Every record below should be printed exactly as it appears.

======== Task inputs ========

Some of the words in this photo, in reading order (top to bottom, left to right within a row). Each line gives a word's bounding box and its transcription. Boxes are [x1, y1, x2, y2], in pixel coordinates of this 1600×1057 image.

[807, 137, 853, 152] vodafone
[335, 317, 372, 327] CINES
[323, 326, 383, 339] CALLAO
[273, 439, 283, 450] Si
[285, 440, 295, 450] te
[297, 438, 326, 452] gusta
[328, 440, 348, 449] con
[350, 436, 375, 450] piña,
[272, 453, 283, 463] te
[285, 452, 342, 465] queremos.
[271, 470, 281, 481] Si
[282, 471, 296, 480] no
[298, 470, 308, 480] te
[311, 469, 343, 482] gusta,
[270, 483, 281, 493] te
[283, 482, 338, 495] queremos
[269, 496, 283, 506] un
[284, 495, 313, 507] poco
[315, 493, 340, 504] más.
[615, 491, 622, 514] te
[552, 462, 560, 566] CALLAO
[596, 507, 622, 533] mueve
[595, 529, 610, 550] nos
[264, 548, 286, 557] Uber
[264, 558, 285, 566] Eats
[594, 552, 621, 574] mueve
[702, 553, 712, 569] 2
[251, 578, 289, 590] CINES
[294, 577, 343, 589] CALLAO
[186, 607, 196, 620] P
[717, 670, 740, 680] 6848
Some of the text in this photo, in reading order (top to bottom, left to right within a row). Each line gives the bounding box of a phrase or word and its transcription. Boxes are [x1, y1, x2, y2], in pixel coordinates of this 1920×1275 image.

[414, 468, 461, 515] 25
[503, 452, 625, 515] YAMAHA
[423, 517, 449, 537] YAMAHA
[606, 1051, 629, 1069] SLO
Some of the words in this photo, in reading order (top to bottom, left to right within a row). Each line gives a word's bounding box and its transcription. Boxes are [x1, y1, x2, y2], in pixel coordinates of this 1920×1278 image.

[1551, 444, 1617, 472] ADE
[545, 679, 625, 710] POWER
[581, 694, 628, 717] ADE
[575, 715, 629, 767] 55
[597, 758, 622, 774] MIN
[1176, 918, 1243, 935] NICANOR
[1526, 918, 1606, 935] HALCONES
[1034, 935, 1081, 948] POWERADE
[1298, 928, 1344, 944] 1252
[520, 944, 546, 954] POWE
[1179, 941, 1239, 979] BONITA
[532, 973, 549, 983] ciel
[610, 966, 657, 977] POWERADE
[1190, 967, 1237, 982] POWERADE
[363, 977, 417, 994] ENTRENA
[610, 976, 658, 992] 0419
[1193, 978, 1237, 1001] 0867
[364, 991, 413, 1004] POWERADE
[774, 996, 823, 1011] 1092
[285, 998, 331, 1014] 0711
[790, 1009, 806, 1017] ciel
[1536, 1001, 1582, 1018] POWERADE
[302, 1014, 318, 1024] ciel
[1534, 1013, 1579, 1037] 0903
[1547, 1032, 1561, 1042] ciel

========

Response to the task:
Some of the words in this photo, in reading order (top to bottom, left to right within a row). Each line gives a word's bounding box and its transcription. Boxes are [x1, y1, x2, y2], in pixel coordinates of this 1600×1057 image.

[807, 137, 853, 152] vodafone
[335, 317, 372, 327] CINES
[323, 326, 383, 339] CALLAO
[273, 439, 283, 450] Si
[285, 440, 295, 450] te
[297, 438, 326, 452] gusta
[328, 440, 348, 449] con
[350, 436, 375, 450] piña,
[272, 453, 283, 463] te
[285, 452, 342, 465] queremos.
[271, 470, 281, 481] Si
[282, 471, 296, 480] no
[298, 470, 308, 480] te
[311, 469, 343, 482] gusta,
[270, 483, 281, 493] te
[283, 482, 338, 495] queremos
[269, 496, 283, 506] un
[284, 495, 313, 507] poco
[315, 493, 340, 504] más.
[615, 491, 622, 514] te
[552, 462, 560, 566] CALLAO
[596, 507, 622, 533] mueve
[595, 529, 610, 550] nos
[264, 548, 286, 557] Uber
[264, 558, 285, 566] Eats
[594, 552, 621, 574] mueve
[702, 553, 712, 569] 2
[251, 578, 289, 590] CINES
[294, 577, 343, 589] CALLAO
[186, 607, 196, 620] P
[717, 670, 740, 680] 6848
Some of the text in this photo, in reading order (top to bottom, left to right within a row). Each line gives the bounding box of a phrase or word and its transcription. Boxes are [x1, y1, x2, y2], in pixel coordinates of this 1920×1275 image.

[414, 468, 461, 515] 25
[503, 452, 625, 515] YAMAHA
[423, 517, 449, 537] YAMAHA
[606, 1051, 629, 1069] SLO
Some of the words in this photo, in reading order (top to bottom, left to right within a row). Each line gives a word's bounding box and its transcription. Boxes are [x1, y1, x2, y2], in pixel coordinates of this 1920×1278 image.

[1551, 444, 1617, 472] ADE
[545, 679, 625, 710] POWER
[581, 694, 628, 717] ADE
[575, 715, 629, 767] 55
[597, 758, 622, 774] MIN
[1176, 918, 1243, 935] NICANOR
[1526, 918, 1606, 935] HALCONES
[1034, 935, 1081, 948] POWERADE
[1298, 928, 1344, 944] 1252
[520, 944, 546, 954] POWE
[1179, 941, 1239, 979] BONITA
[532, 973, 549, 983] ciel
[610, 966, 657, 977] POWERADE
[1190, 967, 1237, 982] POWERADE
[363, 977, 417, 994] ENTRENA
[610, 976, 658, 992] 0419
[1193, 978, 1237, 1001] 0867
[364, 991, 413, 1004] POWERADE
[774, 996, 823, 1011] 1092
[285, 998, 331, 1014] 0711
[790, 1009, 806, 1017] ciel
[1536, 1001, 1582, 1018] POWERADE
[302, 1014, 318, 1024] ciel
[1534, 1013, 1579, 1037] 0903
[1547, 1032, 1561, 1042] ciel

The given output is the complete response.